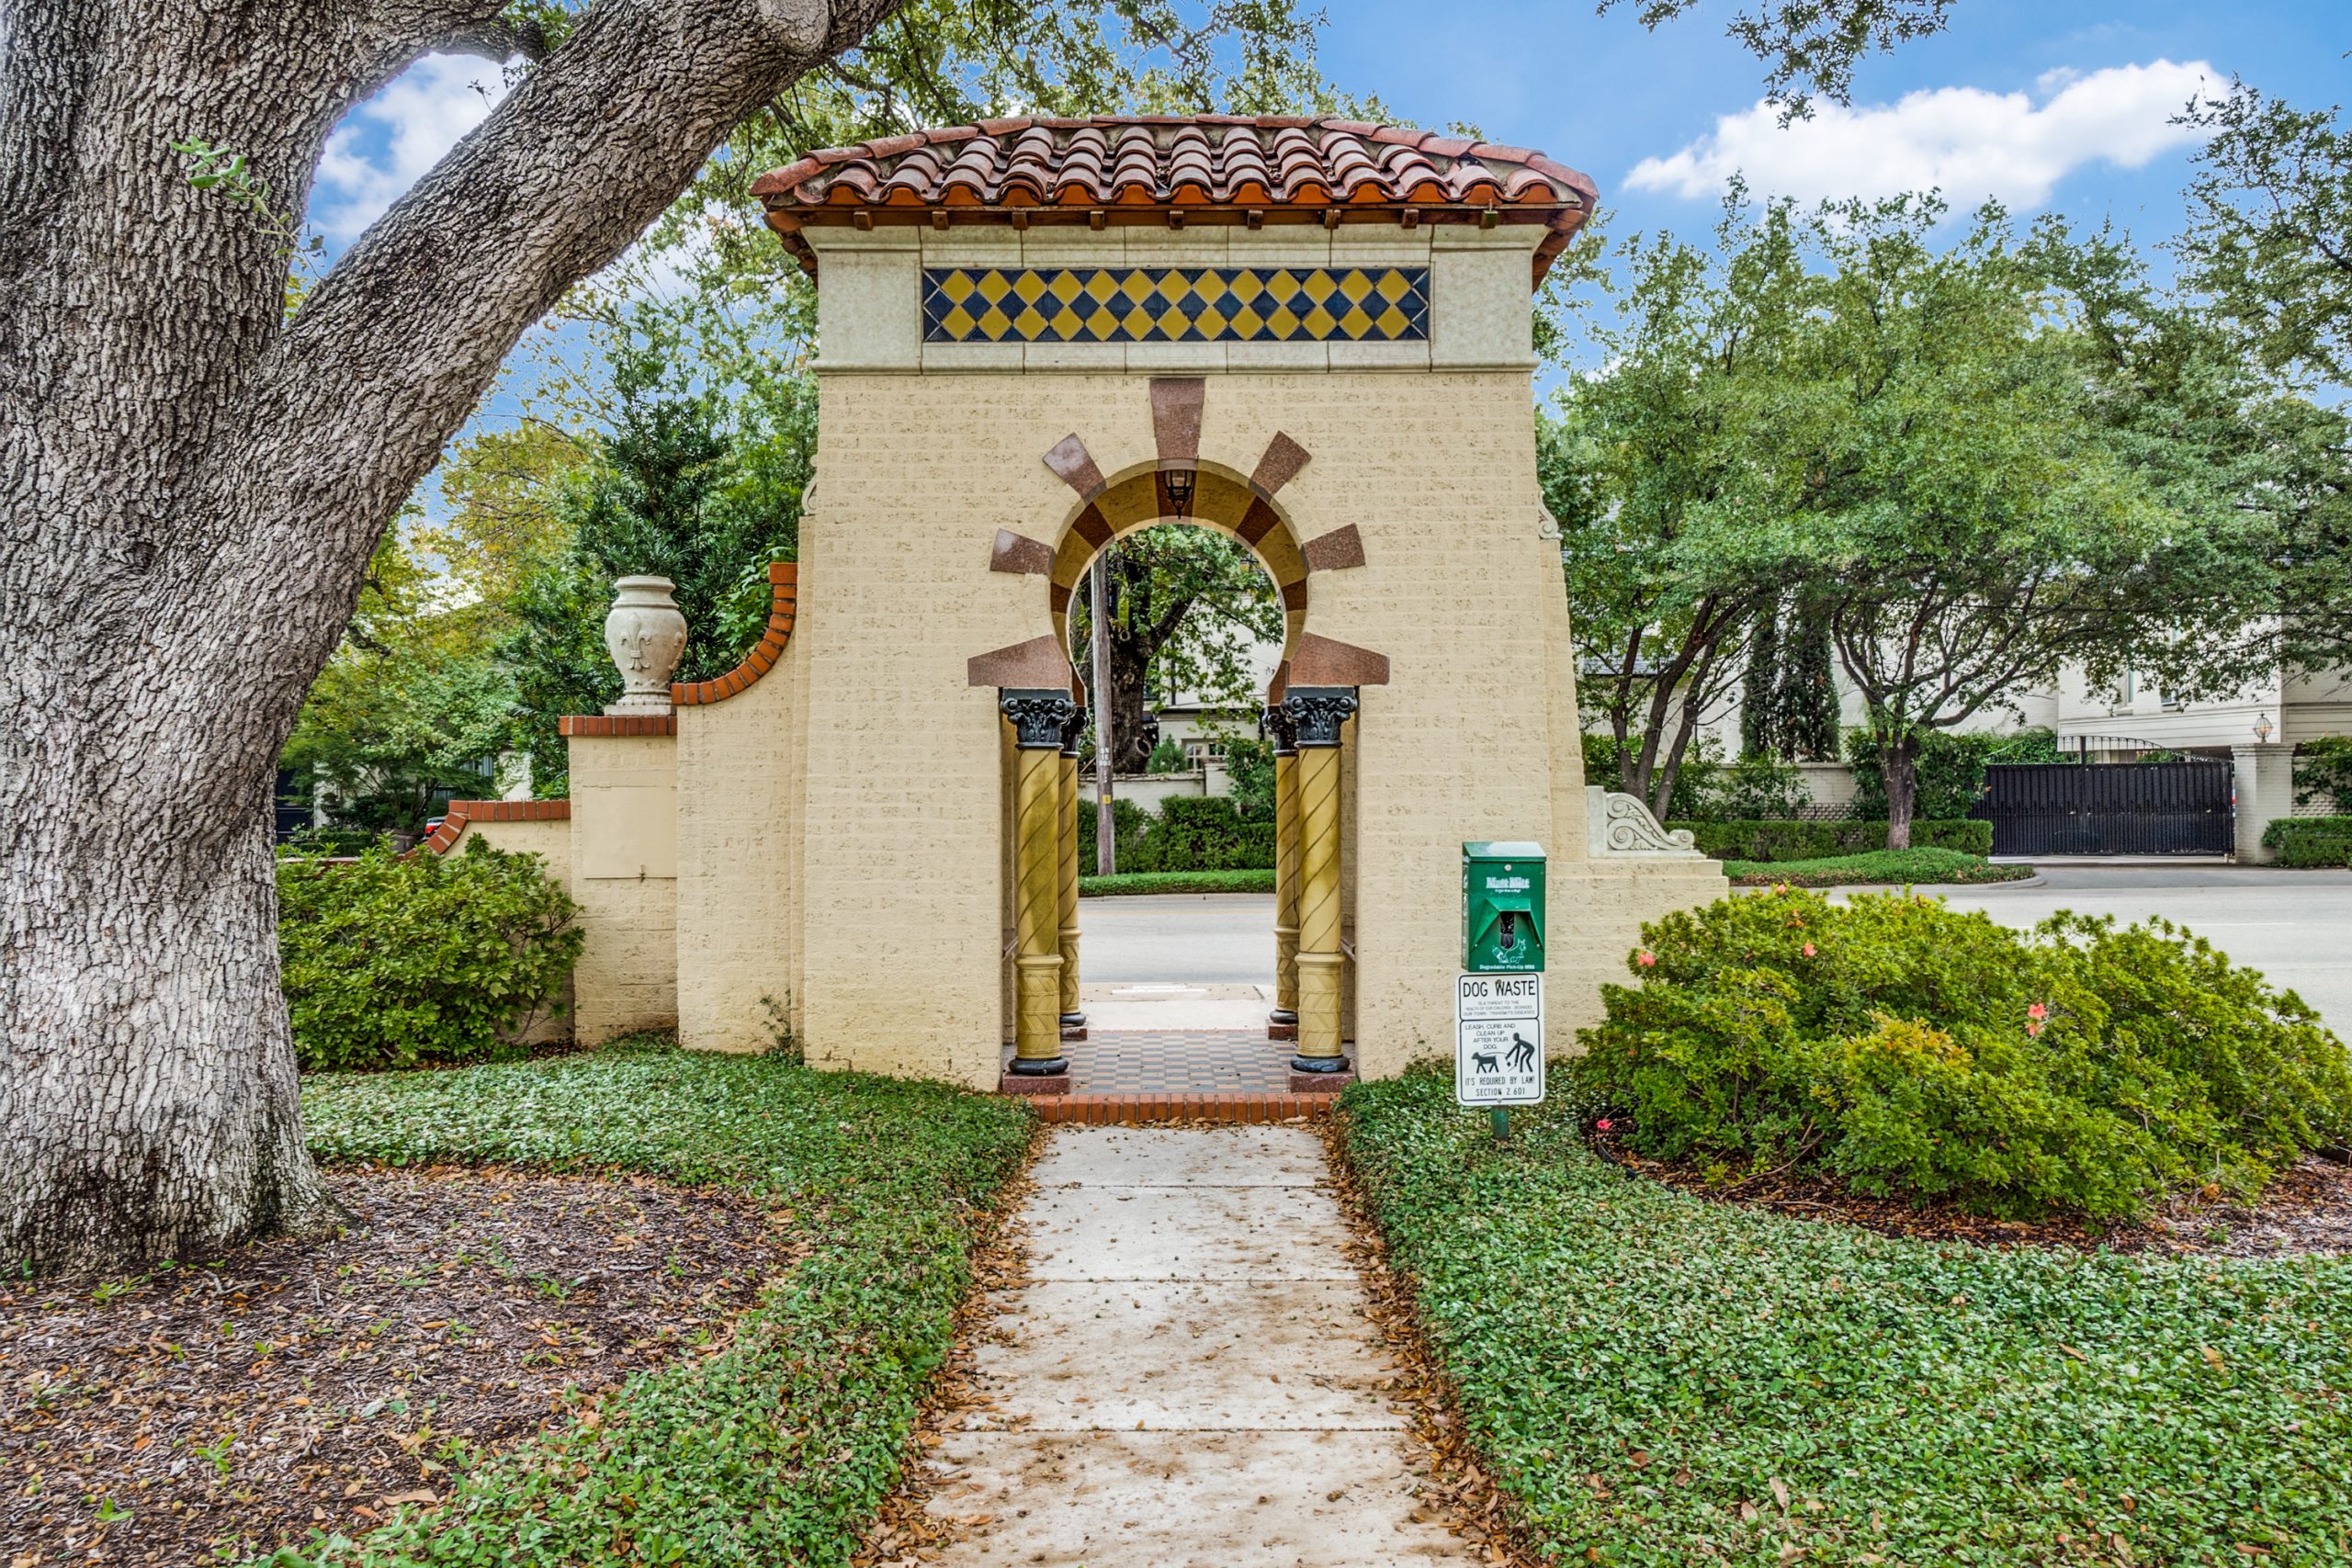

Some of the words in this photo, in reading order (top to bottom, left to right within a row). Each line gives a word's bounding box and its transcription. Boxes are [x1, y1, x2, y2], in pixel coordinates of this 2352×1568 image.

[1463, 981, 1487, 997] DOG
[1495, 980, 1535, 997] WASTE
[1464, 1077, 1475, 1086] IT'S
[1479, 1077, 1505, 1085] REQUIRED
[1521, 1076, 1535, 1084] LAW!

◆ What you need to do
Retype the data above exactly. Leave the pictures out.

◆ Result of this exercise
Some of the words in this photo, in reading order (top to bottom, left to right within a row). Each line gives a word's bounding box and its transcription. Boxes are [x1, y1, x2, y2], in pixel coordinates of this 2352×1568 image.

[1463, 981, 1487, 997] DOG
[1495, 980, 1535, 997] WASTE
[1464, 1077, 1475, 1086] IT'S
[1479, 1077, 1505, 1085] REQUIRED
[1521, 1076, 1535, 1084] LAW!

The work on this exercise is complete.